■ **EXERCISE AIM**
Could you repeat, word for word, the line with "Some of the text" and every line after it in the records below, leaving out any pictures?

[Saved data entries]

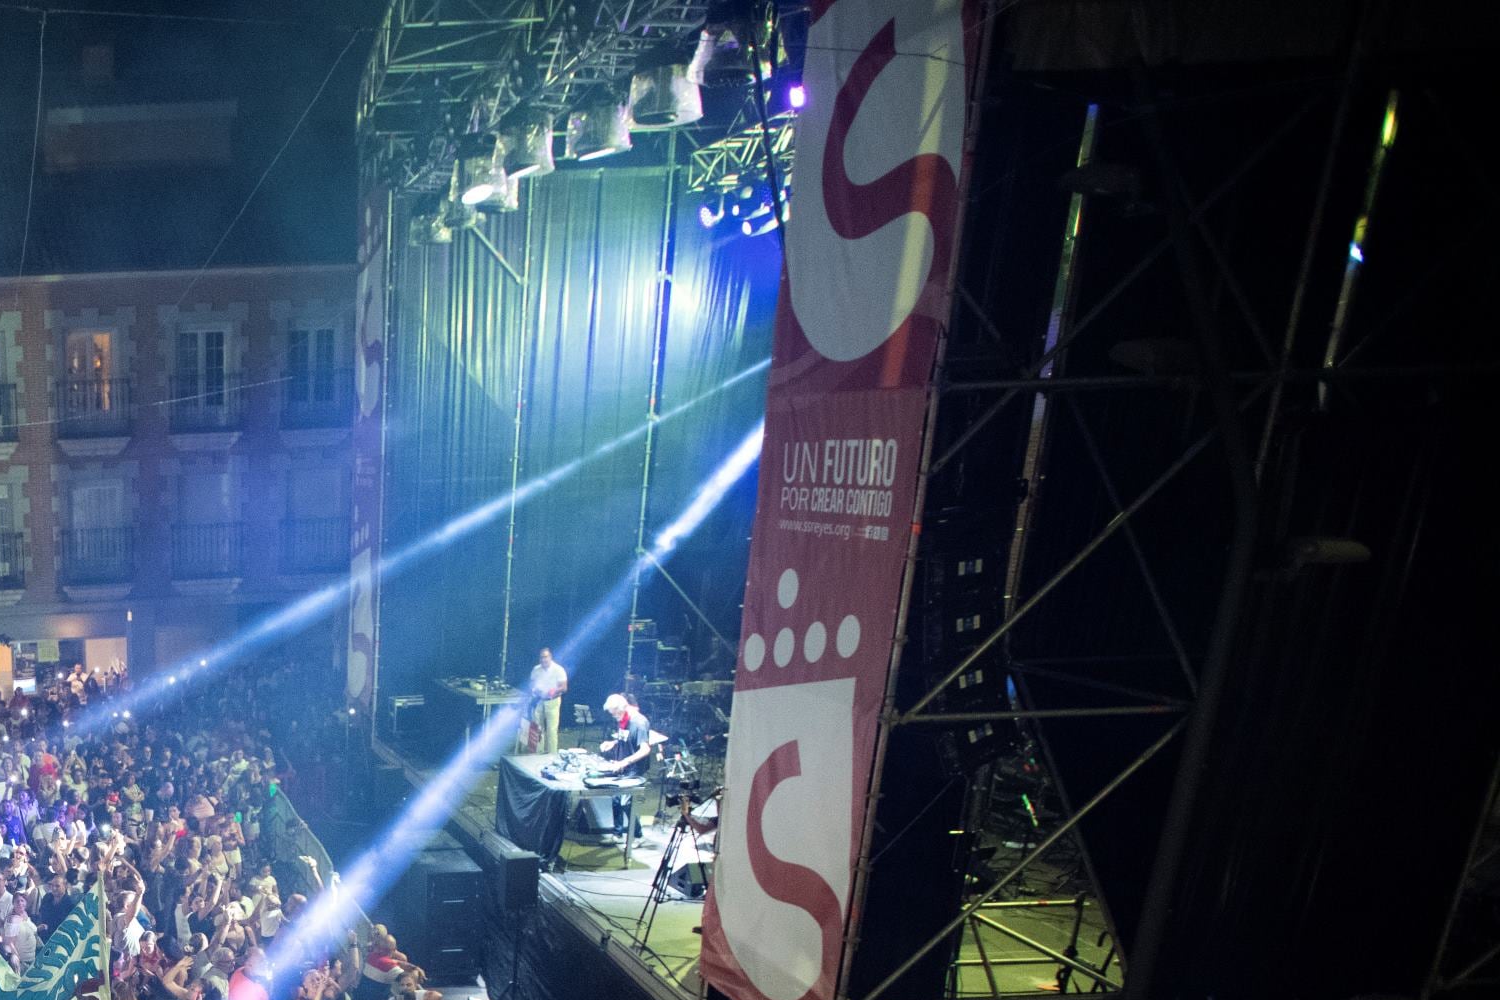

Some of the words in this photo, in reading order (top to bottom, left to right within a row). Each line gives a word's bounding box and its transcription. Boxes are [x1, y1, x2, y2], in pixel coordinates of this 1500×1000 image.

[783, 441, 819, 484] UN
[822, 438, 898, 487] FUTURO
[780, 486, 810, 511] POR
[811, 487, 845, 514] CREAR
[846, 488, 893, 517] CONTIGO
[779, 519, 851, 540] www.ssreyes.org
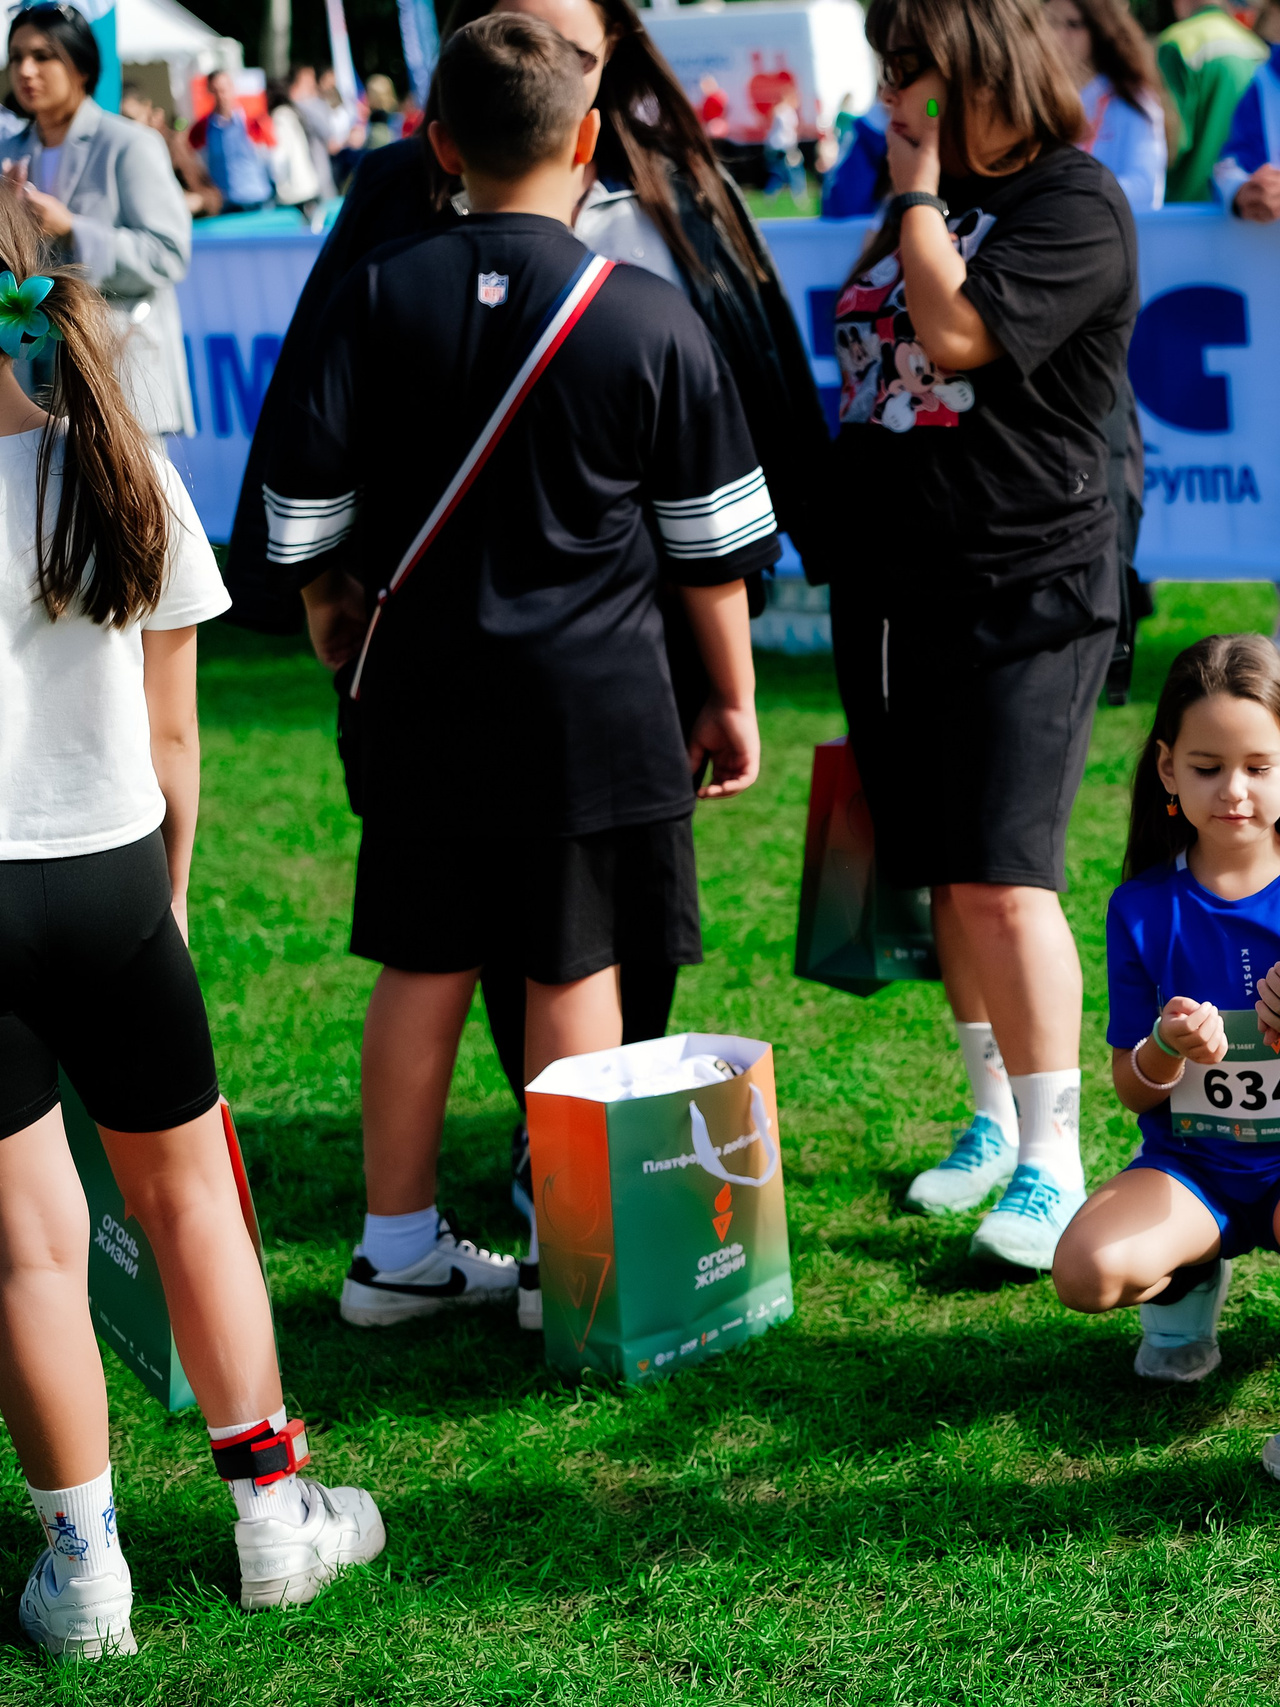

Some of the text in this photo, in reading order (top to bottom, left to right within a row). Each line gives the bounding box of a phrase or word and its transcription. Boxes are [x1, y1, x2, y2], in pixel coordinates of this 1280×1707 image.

[1144, 465, 1261, 504] РУППА
[1241, 948, 1254, 996] KIPSTA
[94, 1227, 139, 1279] ЖИЗНИ
[102, 1213, 140, 1258] ОГОНЬ
[694, 1253, 746, 1290] ЖИЗНИ
[698, 1242, 743, 1272] ОГОНЬ
[66, 1608, 124, 1634] SPORT
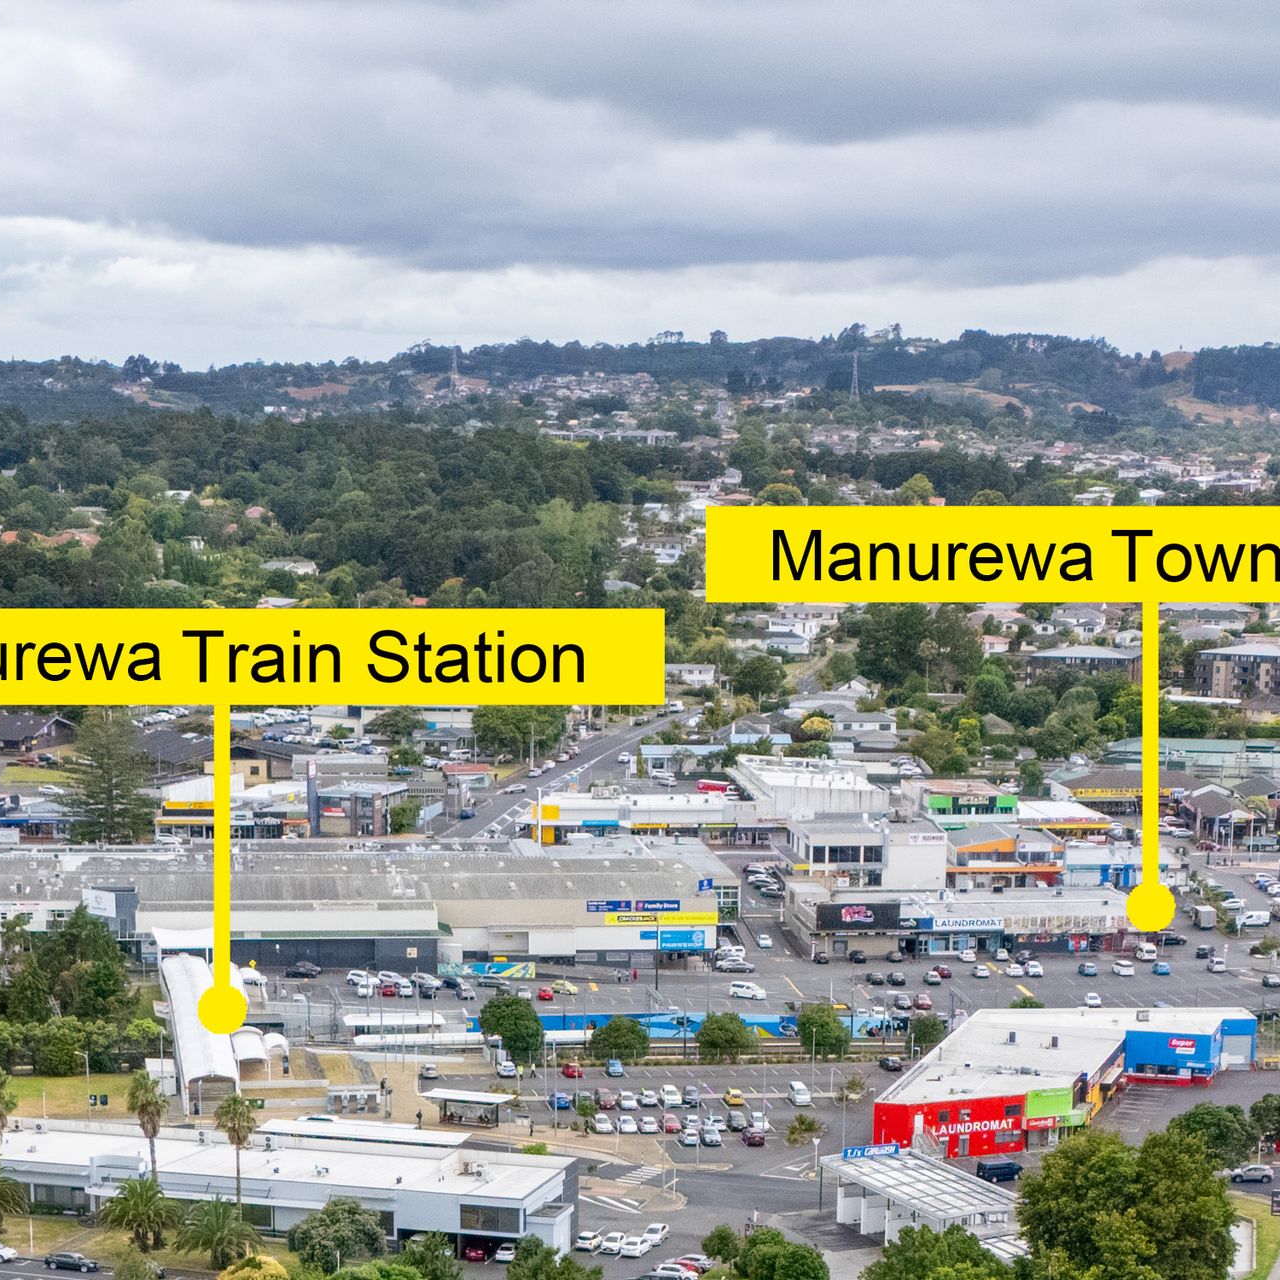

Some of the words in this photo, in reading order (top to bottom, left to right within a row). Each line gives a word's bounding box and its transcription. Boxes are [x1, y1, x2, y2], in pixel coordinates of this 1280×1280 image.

[935, 919, 1003, 928] LAUNDROMAT
[1171, 1038, 1194, 1047] Super
[932, 1118, 1014, 1136] LAUNDROMAT

■ **WORKED SOLUTION**
Some of the text in this photo, in reading order (top to bottom, left to right within a row). Each line gives the bounding box of a phrase or word and its transcription. Boxes are [x1, y1, x2, y2], in pixel coordinates of this 1280×1707 image.

[1144, 465, 1261, 504] РУППА
[1241, 948, 1254, 996] KIPSTA
[94, 1227, 139, 1279] ЖИЗНИ
[102, 1213, 140, 1258] ОГОНЬ
[694, 1253, 746, 1290] ЖИЗНИ
[698, 1242, 743, 1272] ОГОНЬ
[66, 1608, 124, 1634] SPORT

Some of the words in this photo, in reading order (top to bottom, left to right within a row). Each line gives a word's bounding box and its transcription. Boxes are [x1, y1, x2, y2], in pixel coordinates of this 1280×1280 image.

[935, 919, 1003, 928] LAUNDROMAT
[1171, 1038, 1194, 1047] Super
[932, 1118, 1014, 1136] LAUNDROMAT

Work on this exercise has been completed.